I love making cards and I joined a card swap. This month I made for my partner a card with the same technique. She posted the cards here: http://www.knittingparadise.com/t-342099-1.html

Where do you find patters and/or ideas for your cards?

If you are still looking for a pattern of an owl you can google quilling owl and take a look at all the images. Lots and lots of owls from easy to extremely complicated. Have fun


----------



## stirfry (Nov 3, 2011)

Annekeetje said:


> Love your card. I actually thought your post a couple of days ago was about quilting
> 
> I love making cards and I joined a card swap. This month I made for my partner a card with the same technique. She posted the cards here: http://www.knittingparadise.com/t-342099-1.html
> 
> ...


Actually I went on line and looked for images. I did find one for an owl. The card is from a beginners quilling kit.


----------



## stirfry (Nov 3, 2011)

MissMeeKaren said:


> Oh how pretty! How do you attach the quilled pieces to the base paper? I assume some sort of glue, but I never see any glue slop, especially in between the rolls of the quilled pieces. Not that I look, but I just know what it would look like if *I* were to try this, lol!

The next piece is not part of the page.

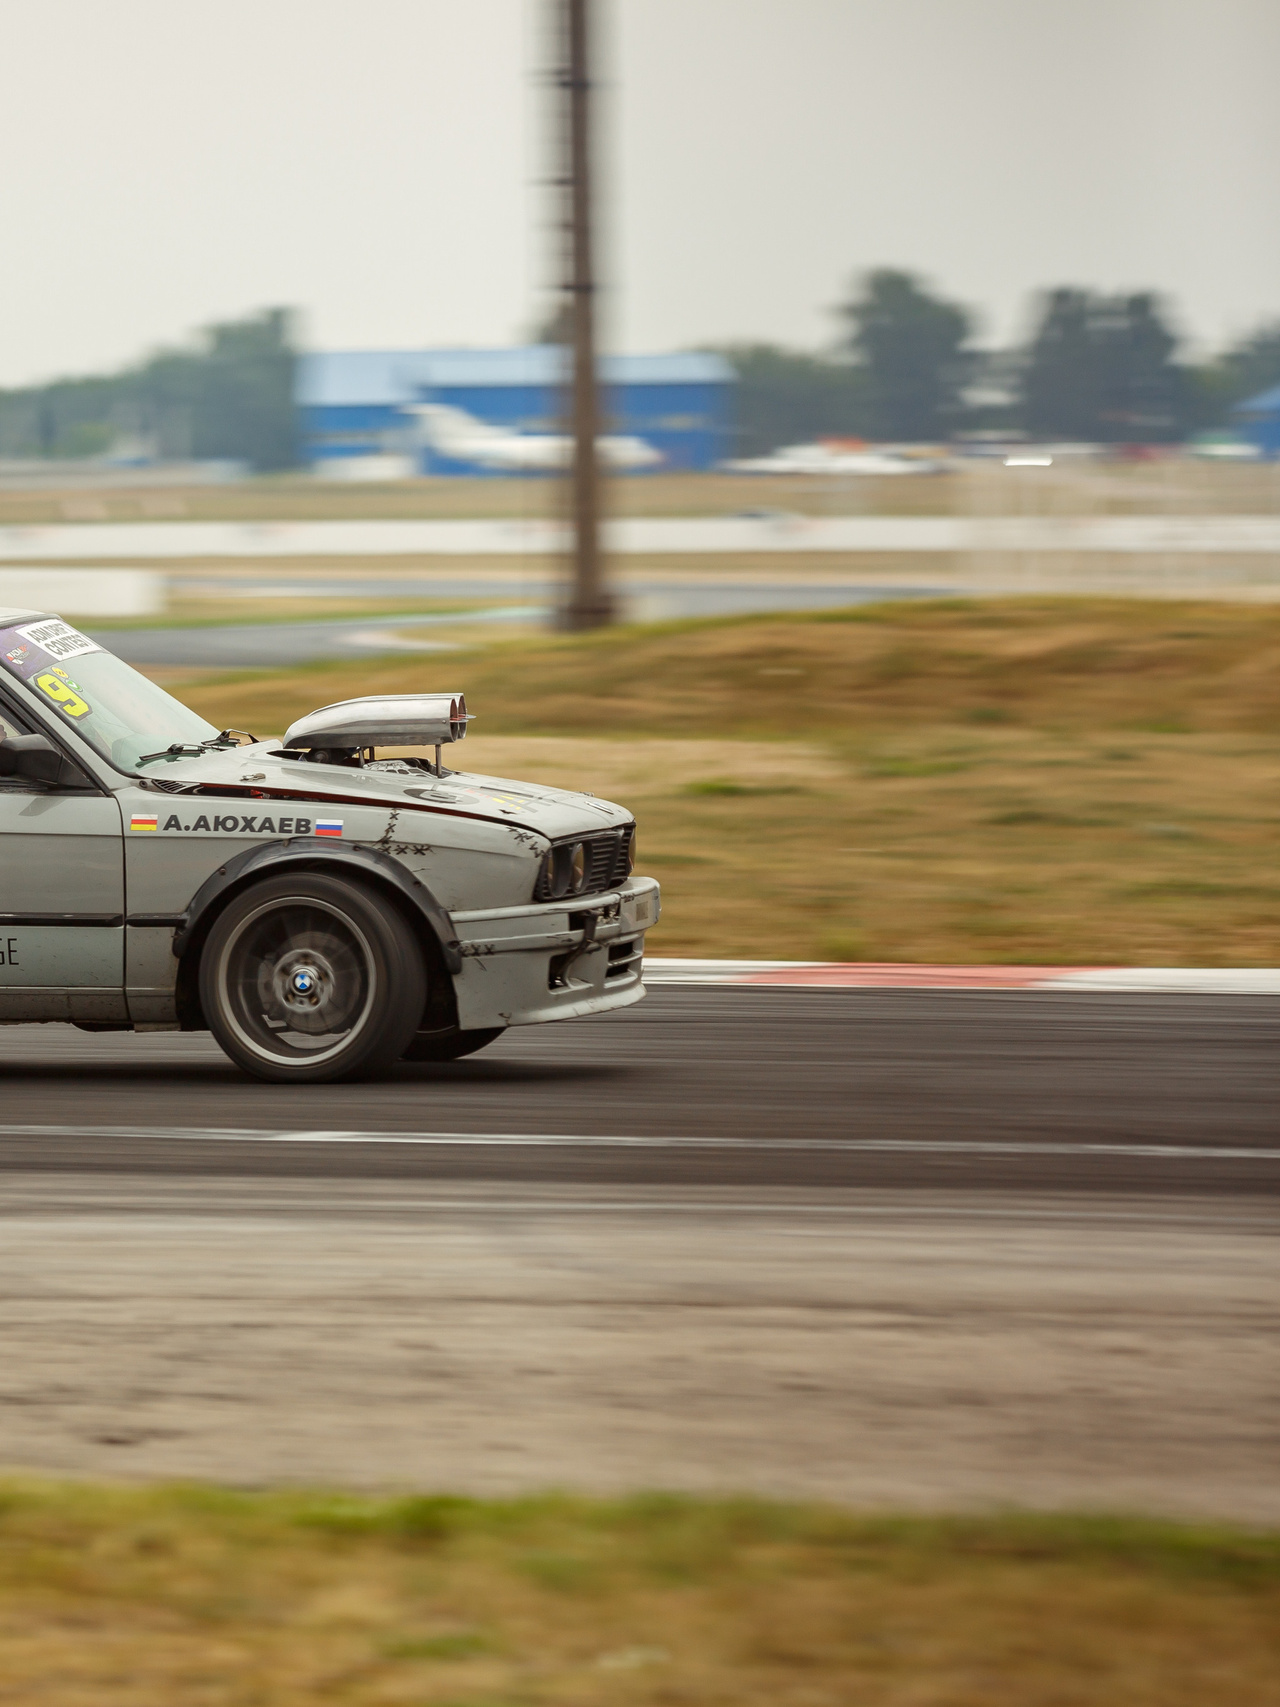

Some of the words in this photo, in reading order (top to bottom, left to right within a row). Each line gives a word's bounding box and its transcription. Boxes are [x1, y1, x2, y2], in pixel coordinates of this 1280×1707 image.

[44, 634, 90, 655] CONTEST
[35, 673, 91, 718] 9
[162, 814, 312, 834] А.АЮХАЕВ

The beginner kit that I bought came with an Elmers glue pen. It dries clear and you only need a dot of it. If I can do it you can too. I'm don't have great hand dexterity.


----------



## God's Girl (Jan 29, 2013)

I thought you ment quilting. Sorry that I posted info about that instead.


----------



## iShirl (Jun 30, 2012)

Very nice and very pretty. Your GD did very well for a first try. I've seen some Auto Corrects and you were lucky - quitter was pretty close! LOL


----------



## sam0767 (Jun 20, 2012)

I did quilling a few years ago. Loved doing it. I made a shadow box with different kinds of flower pots and flowers in them. Then made a fliwer shop that had a counter with phone cash register and everything was quilled. So much fun making them.


----------



## rujam (Aug 19, 2011)

Very nice. I must get back to my quilling.


----------



## flowergrower (Mar 1, 2011)

Nice piece. The more you practice the more even the pieces will become. In quilling you should not see glue spots because we use very tiny amounts to hold the end of the paper strip into shape and to glue onto background.


----------



## eneurian (May 4, 2011)

i don't quill anymore but the paper strips are great!! i used them for sewing fine fabrics and now i fold 3-D origami stars. just can't seem to make enough.


----------



## stirfry (Nov 3, 2011)

eneurian said:


> i don't quill anymore but the paper strips are great!! i used them for sewing fine fabrics and now i fold 3-D origami stars. just can't seem to make enough.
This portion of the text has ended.